Enable FusedRMSNorm #78

hubertlu-tw · 2022-04-18T17:34:13Z

There are two introduced unit test failures from tests/L0/run_fused_layer_norm/test_fused_layer_norm.py.

========================================================================= short test summary info ==========================================================================
FAILED test_fused_layer_norm.py::TestFusedLayerNormElemWiseHalf::test_layer_norm - RuntimeError: expected scalar type Float but found Half
FAILED test_fused_layer_norm.py::TestFusedLayerNormElemWiseBFloat16::test_layer_norm - RuntimeError: expected scalar type Float but found BFloat16
================================================================= 2 failed, 15 passed, 3 skipped in 42.61s =================================================================

* FusedRMSNorm based on FusedLayerNorm * refactor duplicated kernels * delete comments * delete comments * cleanup * cleanup * cleanup, fixed clobbering forward_affine_mixed_dtypes * fix pybind naming and add MixedFused test * undo skipping * check elementwise_affine * Update tests/L0/run_fused_layer_norm/test_fused_layer_norm.py Oof, nice catch, thanks Co-authored-by: Masaki Kozuki <[email protected]> Co-authored-by: Masaki Kozuki <[email protected]>

* [FusedRMSNorm doc] add epsilon to formula * correct * better wording

hubertlu-tw · 2022-07-29T20:19:21Z

After updating tests/L0/run_fused_layer_norm/test_fused_layer_norm.py, the results are as follows:

========================================================== 17 passed, 3 skipped, 17 warnings in 68.83s (0:01:08) ===========================================================

hubertlu-tw · 2022-07-29T21:17:36Z

The results from CI check "rocm-pytorch-release" show:

======================================================================
ERROR: test_autocast (test_fused_layer_norm.TestAutocastFusedRMSNorm) [torch.float16-True]
----------------------------------------------------------------------
Traceback (most recent call last):
  File "/apex/tests/L0/run_fused_layer_norm/test_fused_layer_norm.py", line 295, in test_autocast
    self._run_test(dtype, elementwise_affine)
  File "/apex/tests/L0/run_fused_layer_norm/test_fused_layer_norm.py", line 277, in _run_test
    expected = native(native_x.cpu())
  File "/opt/conda/lib/python3.7/site-packages/torch/nn/modules/module.py", line 1129, in _call_impl
    return forward_call(*input, **kwargs)
  File "/opt/conda/lib/python3.7/site-packages/apex-0.1-py3.7-linux-x86_64.egg/apex/normalization/fused_layer_norm.py", line 383, in forward
    return manual_rms_norm(input, self.normalized_shape, self.weight, self.eps)
  File "/opt/conda/lib/python3.7/site-packages/apex-0.1-py3.7-linux-x86_64.egg/apex/normalization/fused_layer_norm.py", line 29, in manual_rms_norm
    return weight * input
  File "/opt/conda/lib/python3.7/site-packages/apex-0.1-py3.7-linux-x86_64.egg/apex/amp/wrap.py", line 53, in wrapper
    return orig_fn(*args, **kwargs)
  File "/opt/conda/lib/python3.7/site-packages/apex-0.1-py3.7-linux-x86_64.egg/apex/amp/wrap.py", line 53, in wrapper
    return orig_fn(*args, **kwargs)
  File "/opt/conda/lib/python3.7/site-packages/apex-0.1-py3.7-linux-x86_64.egg/apex/amp/wrap.py", line 53, in wrapper
    return orig_fn(*args, **kwargs)
  [Previous line repeated 24 more times]
RuntimeError: Expected all tensors to be on the same device, but found at least two devices, cuda:0 and cpu!

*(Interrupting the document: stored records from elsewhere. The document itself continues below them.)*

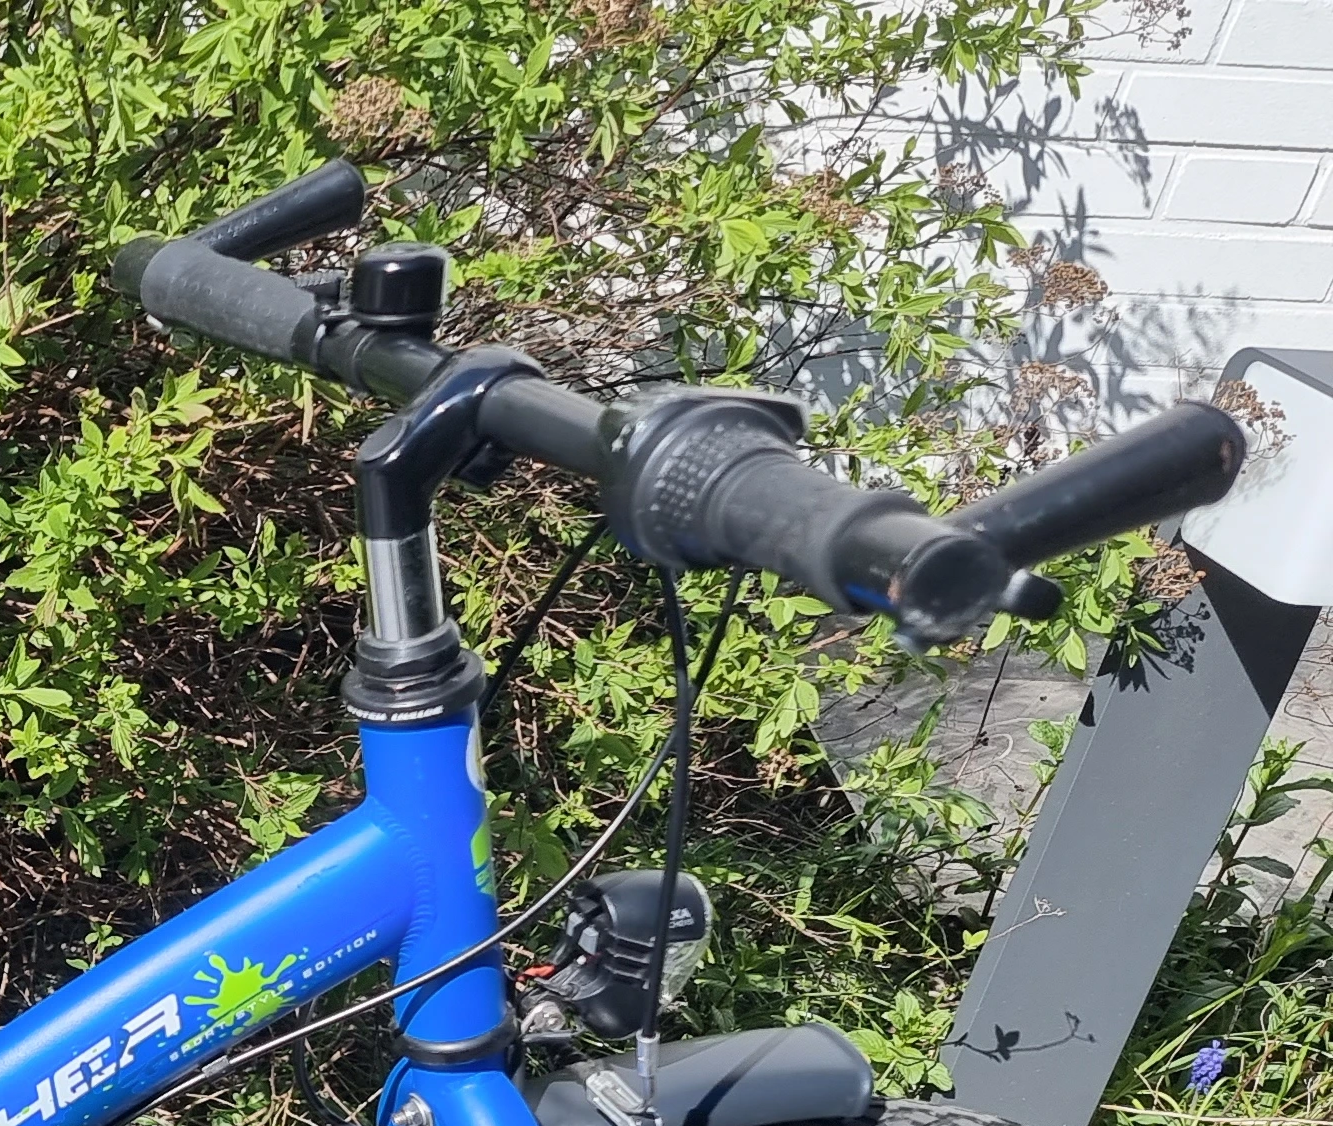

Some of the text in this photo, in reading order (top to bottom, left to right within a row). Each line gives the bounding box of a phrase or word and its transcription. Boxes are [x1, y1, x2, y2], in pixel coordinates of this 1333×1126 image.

[169, 929, 377, 1062] SPORT STYLE EDITION
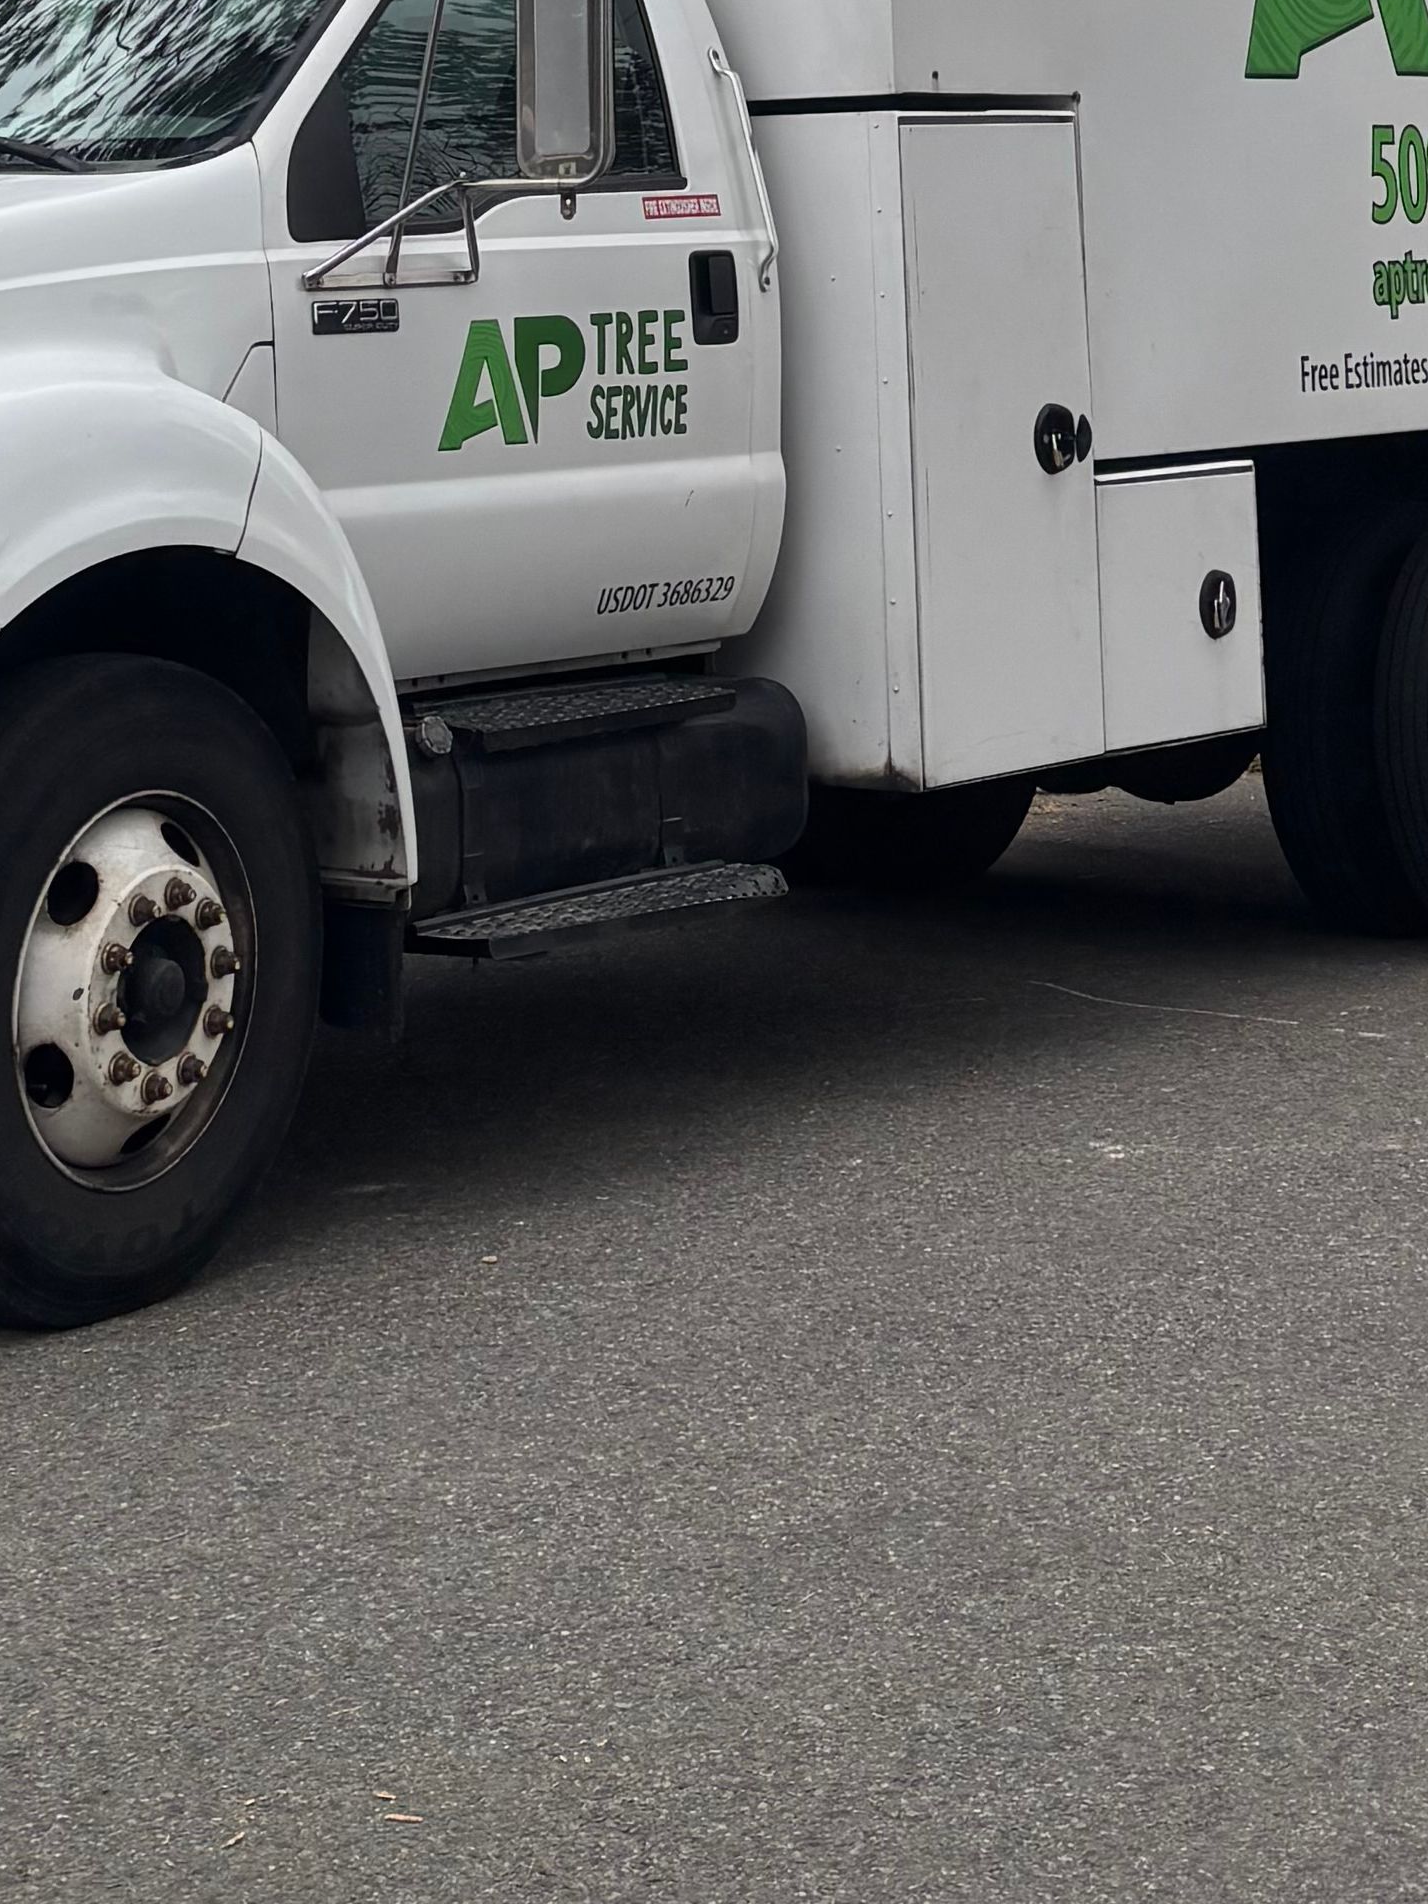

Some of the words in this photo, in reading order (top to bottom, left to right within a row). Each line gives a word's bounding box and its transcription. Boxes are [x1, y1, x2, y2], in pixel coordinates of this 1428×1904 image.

[438, 315, 586, 452] AP
[590, 309, 689, 375] TREE
[1300, 354, 1340, 392] Free
[1344, 351, 1428, 389] Estimates
[586, 384, 688, 440] SERVICE
[597, 583, 658, 615] USDOT
[656, 575, 735, 609] 3686329

----------------------------------------------------------------------

The failed test cannot be reproduced locally in the rocm/pytorch:latest docker
(PyTorch: 1.12.0a0+git2a932eb, ROCm: 5.2.0)

hubertlu-tw · 2022-07-29T22:30:03Z

jenkins: retest this please

hubertlu-tw · 2022-07-29T22:37:42Z

One of the failed test in the CI check "rocm-pytorch-release" related to the code changes of this PR is:
run_fused_layer_norm/test_fused_layer_norm.py::TestFusedLayerNormElemWiseBFloat16::test_layer_norm

It is marked as flaky test in upstream: https://github.com/NVIDIA/apex/blob/684c4733b1d44f6edfe4b190bf0cc55eb1ae1940/tests/L0/run_fused_layer_norm/test_fused_layer_norm.py#L164

hubertlu-tw · 2022-08-01T23:31:08Z

apex-rocm-pytorch-master (#30)

test_adam_option (test_fused_optimizer.TestFusedAdam): due to a regression introduced from upstream PyTorch
test_multi_device (test_fused_optimizer.TestFusedAdam): due to a regression introduced from upstream PyTorch
test_float (test_fused_optimizer.TestFusedAdam): due to a regression introduced from upstream PyTorch
test_multi_device (test_lamb.TestFusedMixedPrecisionLamb): the test failure is irrelevant to the code changes of this PR.
test_autocast (test_fused_layer_norm.TestAutocastFusedRMSNorm) [torch.float16-True]: skipped since the test failure cannot be reproduced locally.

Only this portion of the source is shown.